La chirurgie élective devrait-elle être retardée chez les très jeunes enfants?

La chirurgie «élective» fait référence à des interventions chirurgicales qui n'ont pas besoin d'être exécutées en urgence et pour lesquelles il existe une certaine souplesse en ce qui concerne le calendrier. Lorsque les jeunes enfants sont envisagés pour une chirurgie élective, les parents peuvent penser qu'il est préférable de faire la procédure plus tôt que tard. Il y a beaucoup de questions à considérer pour décider quand planifier une chirurgie. Une question qui reçoit une attention accrue est l'influence des médicaments anesthésiques sur le cerveau en développement.

Le système nerveux central se développe à des stades très bien définis. La croissance de nouvelles cellules, l'élimination des cellules inutiles et la formation de connexions entre diverses cellules cérébrales sont des processus bien décrits qui se produisent à des moments précis du développement. Le calendrier des différentes étapes du développement cérébral est bien décrit chez un certain nombre d'espèces, y compris les humains.

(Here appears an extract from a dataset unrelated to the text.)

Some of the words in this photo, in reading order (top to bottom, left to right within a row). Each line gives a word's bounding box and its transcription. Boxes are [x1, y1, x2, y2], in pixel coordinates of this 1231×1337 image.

Il y a plus d'une décennie, des chercheurs de l'Université de Washington, dont l'un d'entre nous (CZ), ont signalé que les anesthésiques généraux pouvaient causer des dommages importants aux cellules du cerveau lorsqu'ils sont administrés à de très jeunes rats. . Chez les humains, cette période de «synaptogenèse» comprend le troisième trimestre de la grossesse et les premières années de la vie postnatale. Depuis le rapport initial, d'autres investigations ont étendu ces études et ont trouvé différents degrés et types de dommages en fonction du moment de l'administration de l'anesthésique. Cela arrive parce que différentes régions du cerveau avancent à travers leurs stades de développement à des moments légèrement différents. Les conséquences cognitives et comportementales de ce dommage structurel précoce ont été démontrées chez diverses espèces animales.

Ces effets chez les animaux ont été démontrés pour la plupart des classes courantes de médicaments utilisés en anesthésie pédiatrique. La dose de médicament, la fréquence d'administration du médicament et l'âge de développement de l'animal sont toutes des variables importantes qui contribuent à l'étendue des dommages observés.

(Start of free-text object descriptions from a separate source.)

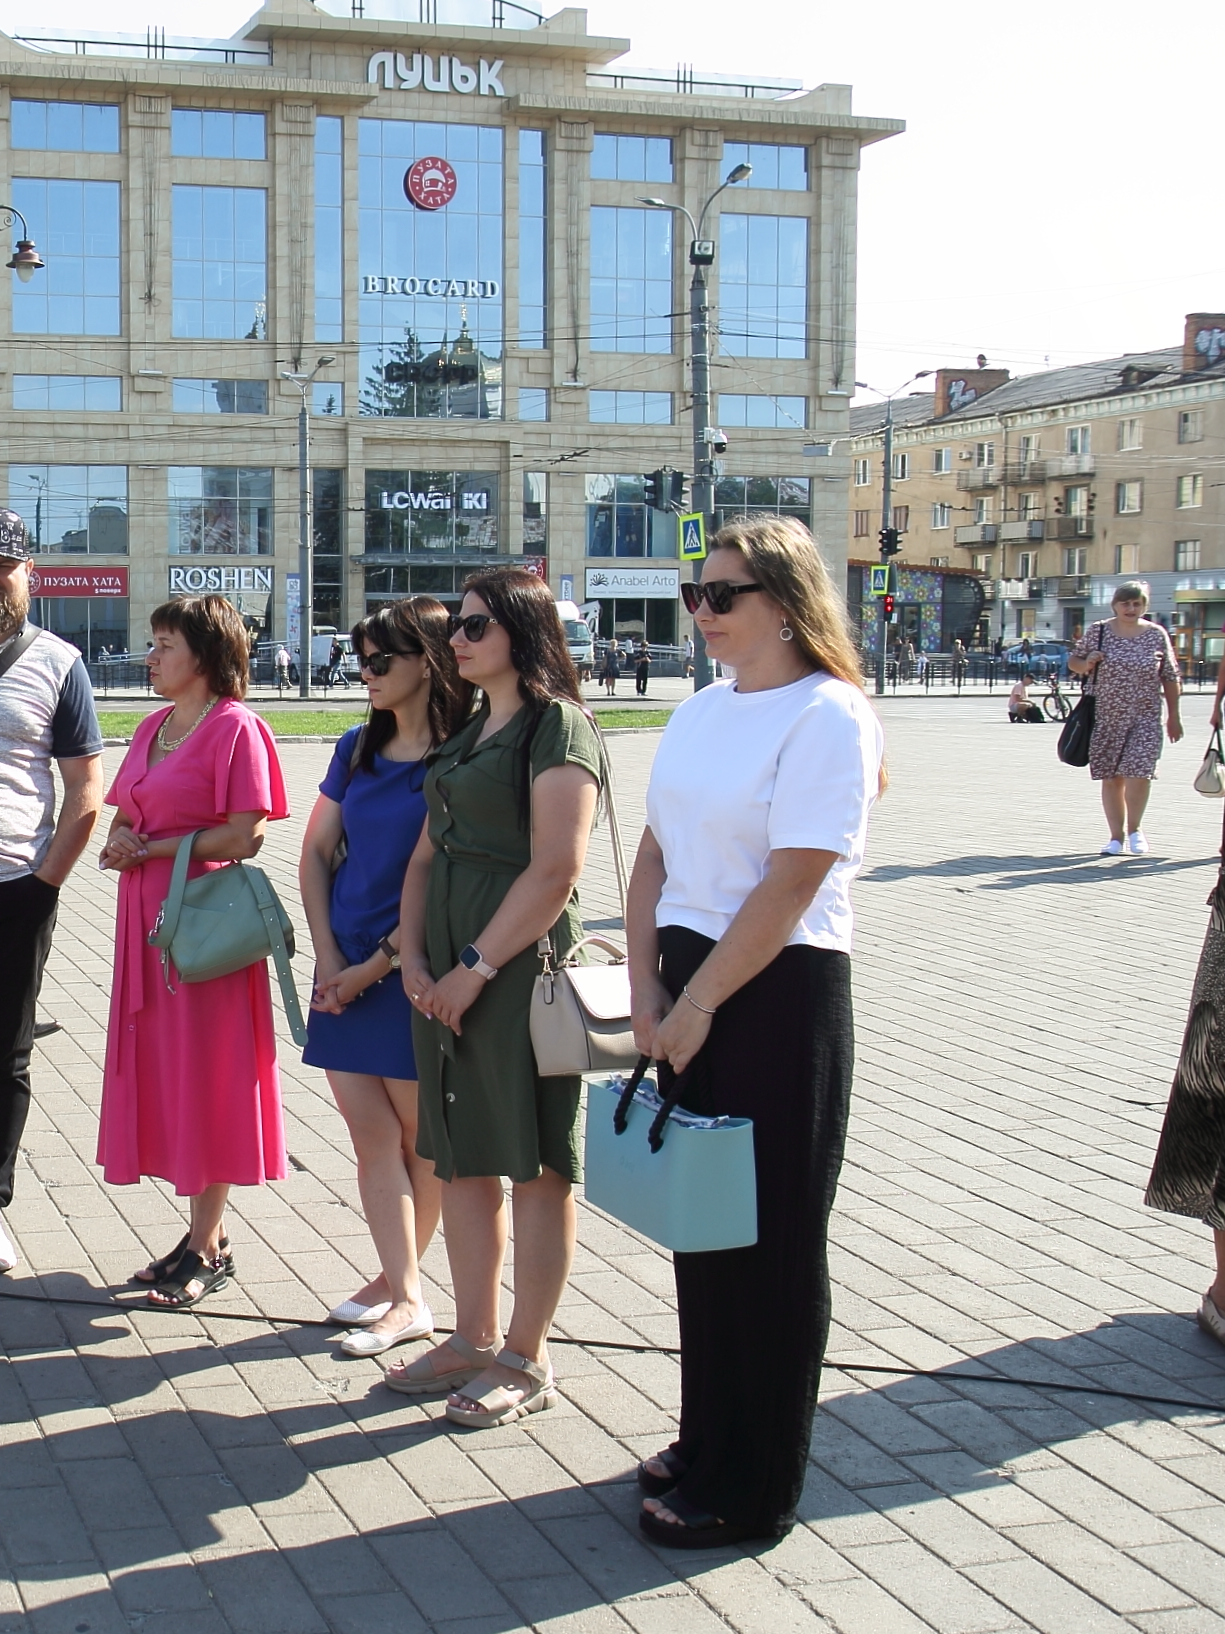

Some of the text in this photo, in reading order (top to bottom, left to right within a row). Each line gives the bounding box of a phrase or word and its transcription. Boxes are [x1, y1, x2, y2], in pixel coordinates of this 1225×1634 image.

[413, 160, 454, 184] ПУЗАТА
[419, 191, 450, 204] ХАТА
[365, 275, 499, 297] BROCARD
[44, 577, 89, 586] ПУЗАТА
[92, 577, 121, 586] ХАТА
[170, 567, 272, 592] ROSHEN
[611, 575, 676, 586] Anabel Arto

Ces premiers rapports ont suscité des préoccupations chez les cliniciens, y compris les anesthésiologistes. Les résultats chez les rats ne sont pas nécessairement généralisés aux humains et, par conséquent, les implications pour l'utilisation des anesthésiques chez les enfants demeurent inconnues. Cependant, d'autres recherches, en particulier chez les primates non humains, ont suscité une attention et une préoccupation croissantes.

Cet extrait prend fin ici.